Some of his angry political opponents, such as the ultimate left-wing leader Jean-Luc Melenchon, said triumphantly that “Jupiter fell from the sky”, alluding to the king of the gods. Macron, or Jupiter, certainly did not fall from the sky, but his charisma and message are threatened, mostly because there are too many people in France who are inclined to remain the situation in a status quo, as well as the great generosity of the state. Macron has been accused of restoring the monarchist culture in France and pointing in particular to his “triumphal” address to the European Parliament in Strasbourg. Macron was greeted with much pomp and unusual honors. He outlined his cautious vision of the future of the European Union, which was vilified by many lawmakers as unrealistic, and some suggested that he was a charlatan.
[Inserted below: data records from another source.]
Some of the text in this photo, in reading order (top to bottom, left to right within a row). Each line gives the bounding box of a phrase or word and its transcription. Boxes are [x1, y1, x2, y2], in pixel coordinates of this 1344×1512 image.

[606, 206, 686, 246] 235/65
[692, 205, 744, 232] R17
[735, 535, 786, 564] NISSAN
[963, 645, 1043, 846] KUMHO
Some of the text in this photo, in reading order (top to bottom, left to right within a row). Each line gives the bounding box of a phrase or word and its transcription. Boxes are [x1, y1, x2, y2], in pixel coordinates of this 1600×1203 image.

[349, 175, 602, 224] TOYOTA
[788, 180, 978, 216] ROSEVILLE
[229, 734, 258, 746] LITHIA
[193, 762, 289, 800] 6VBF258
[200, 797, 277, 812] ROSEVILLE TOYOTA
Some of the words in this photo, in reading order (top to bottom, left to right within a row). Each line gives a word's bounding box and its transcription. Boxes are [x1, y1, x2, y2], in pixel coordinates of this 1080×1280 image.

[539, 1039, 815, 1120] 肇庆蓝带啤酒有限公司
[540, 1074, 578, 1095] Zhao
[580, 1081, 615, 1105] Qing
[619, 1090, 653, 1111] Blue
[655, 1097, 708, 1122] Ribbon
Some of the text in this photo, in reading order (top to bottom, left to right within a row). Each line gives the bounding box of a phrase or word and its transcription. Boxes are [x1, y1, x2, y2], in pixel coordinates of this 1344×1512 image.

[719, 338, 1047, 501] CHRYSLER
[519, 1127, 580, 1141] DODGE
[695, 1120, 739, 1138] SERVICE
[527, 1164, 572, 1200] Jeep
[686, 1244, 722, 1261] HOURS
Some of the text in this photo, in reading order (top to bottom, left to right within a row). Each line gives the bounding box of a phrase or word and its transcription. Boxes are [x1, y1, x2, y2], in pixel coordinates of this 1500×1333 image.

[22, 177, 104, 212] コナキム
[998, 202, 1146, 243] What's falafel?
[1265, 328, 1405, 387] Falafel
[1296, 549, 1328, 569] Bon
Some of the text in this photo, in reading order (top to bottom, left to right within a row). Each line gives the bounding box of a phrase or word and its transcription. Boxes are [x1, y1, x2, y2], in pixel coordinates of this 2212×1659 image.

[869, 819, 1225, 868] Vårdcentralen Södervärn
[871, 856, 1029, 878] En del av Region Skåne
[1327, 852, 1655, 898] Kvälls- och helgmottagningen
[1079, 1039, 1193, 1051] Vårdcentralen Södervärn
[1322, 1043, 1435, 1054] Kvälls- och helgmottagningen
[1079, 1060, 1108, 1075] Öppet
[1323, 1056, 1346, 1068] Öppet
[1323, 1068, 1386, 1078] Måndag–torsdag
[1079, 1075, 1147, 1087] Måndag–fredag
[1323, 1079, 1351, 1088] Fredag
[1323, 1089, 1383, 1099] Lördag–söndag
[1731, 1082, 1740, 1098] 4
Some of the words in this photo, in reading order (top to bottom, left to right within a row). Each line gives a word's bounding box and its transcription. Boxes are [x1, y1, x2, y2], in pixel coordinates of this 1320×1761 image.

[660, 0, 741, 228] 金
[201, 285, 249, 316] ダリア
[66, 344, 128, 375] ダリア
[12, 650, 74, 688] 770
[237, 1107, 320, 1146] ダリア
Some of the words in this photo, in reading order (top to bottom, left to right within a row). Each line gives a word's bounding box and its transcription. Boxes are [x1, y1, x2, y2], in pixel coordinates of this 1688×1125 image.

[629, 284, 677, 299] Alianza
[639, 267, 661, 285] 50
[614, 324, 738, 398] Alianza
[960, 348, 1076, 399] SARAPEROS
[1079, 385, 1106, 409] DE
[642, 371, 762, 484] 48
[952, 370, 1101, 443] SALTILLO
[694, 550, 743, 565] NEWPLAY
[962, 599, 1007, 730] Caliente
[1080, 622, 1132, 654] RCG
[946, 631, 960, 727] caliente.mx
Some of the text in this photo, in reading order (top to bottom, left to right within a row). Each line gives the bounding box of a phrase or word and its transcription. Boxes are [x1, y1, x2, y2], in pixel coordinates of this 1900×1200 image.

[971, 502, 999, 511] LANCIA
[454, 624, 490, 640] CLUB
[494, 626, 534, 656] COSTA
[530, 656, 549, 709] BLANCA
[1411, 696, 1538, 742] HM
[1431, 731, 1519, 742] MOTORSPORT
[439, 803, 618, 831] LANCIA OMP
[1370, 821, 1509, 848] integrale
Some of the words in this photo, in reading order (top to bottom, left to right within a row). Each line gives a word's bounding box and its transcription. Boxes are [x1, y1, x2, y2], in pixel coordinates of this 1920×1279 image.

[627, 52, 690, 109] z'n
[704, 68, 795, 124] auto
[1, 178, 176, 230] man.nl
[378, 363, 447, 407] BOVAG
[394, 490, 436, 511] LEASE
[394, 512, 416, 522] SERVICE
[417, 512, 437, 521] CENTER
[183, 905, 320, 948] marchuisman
At the same time, in the French bookstores, the memoirs of Macron’s predecessor, Francois Hollande, “Lessons of Power” appeared, in which he had no nice words about the president, who at one time was his protégé and minister of economy. Hollande indirectly announces that Macron had stabbed a knife in his back after publishing his presidential bid, although he had previously assured him that he had no such intentions. With domestic concerns in thought, Emanuel Macron traveled today to Washington to meet with the man with whom he is well-understood – Donald Trump. Trying to present himself as a new leader in Europe, Macron goes on a mission to persuade Trump not to give up the Iranian nuclear deal. On Thursday, Macron was in Berlin for a meeting with Angela Merkel to, among other things, prepare the European offer for additional obligations on the main treaty, because it largely depends on regional peace. Macron expects Trump to have an understanding of European desires, just as he took the advice of a limited missile strike against Syrian chemical weapons production centers. Macron and Trump will have the opportunity to discuss Syria, North Korea and Russia on two official evenings – one only for the two married couples on George Washington’s Virginia property, and the next on the official state dinner at the White House. Macron will also have a 30-minute speech in Congress. It has been a long time since a European leader has been welcomed with such honors in Washington. It is a result of Trump’s and Macron’s specific friendship, although support for the US president in France is only 14 percent. Macron seems to have set a task to “cultivate” Trump’s behavior and keep it in the circle of European allies, especially when creating a common defense policy.

These honors in America will only ease the domestic headaches for a moment, and then Macron will bring it back to the European field. Because of his ambitions to establish a bigger European budget and finance minister that will be in charge of all countries in the Eurozone, as well as the creation of a banking union, he does not have much understanding in Berlin. Macron has already withdrawn from his idea of ​​transnational candidates for the European elections in 2019, when he saw that parties in the largest countries do not want to give up their power and accept the realpolitik approach.

The key to his European leadership lies in the elections for the European Parliament next year. Large party groups are seeking the support of his newly formed party. Macron expects to see the success of his party in France, and then build alliances. Without his support, the European People’s Party will lose power in European institutions. Here lies his power to convince other European leaders, especially in the right-center bloc. “I do not belong to any political family that is presented to you,” he said in the European Parliament. “It’s my freedom.”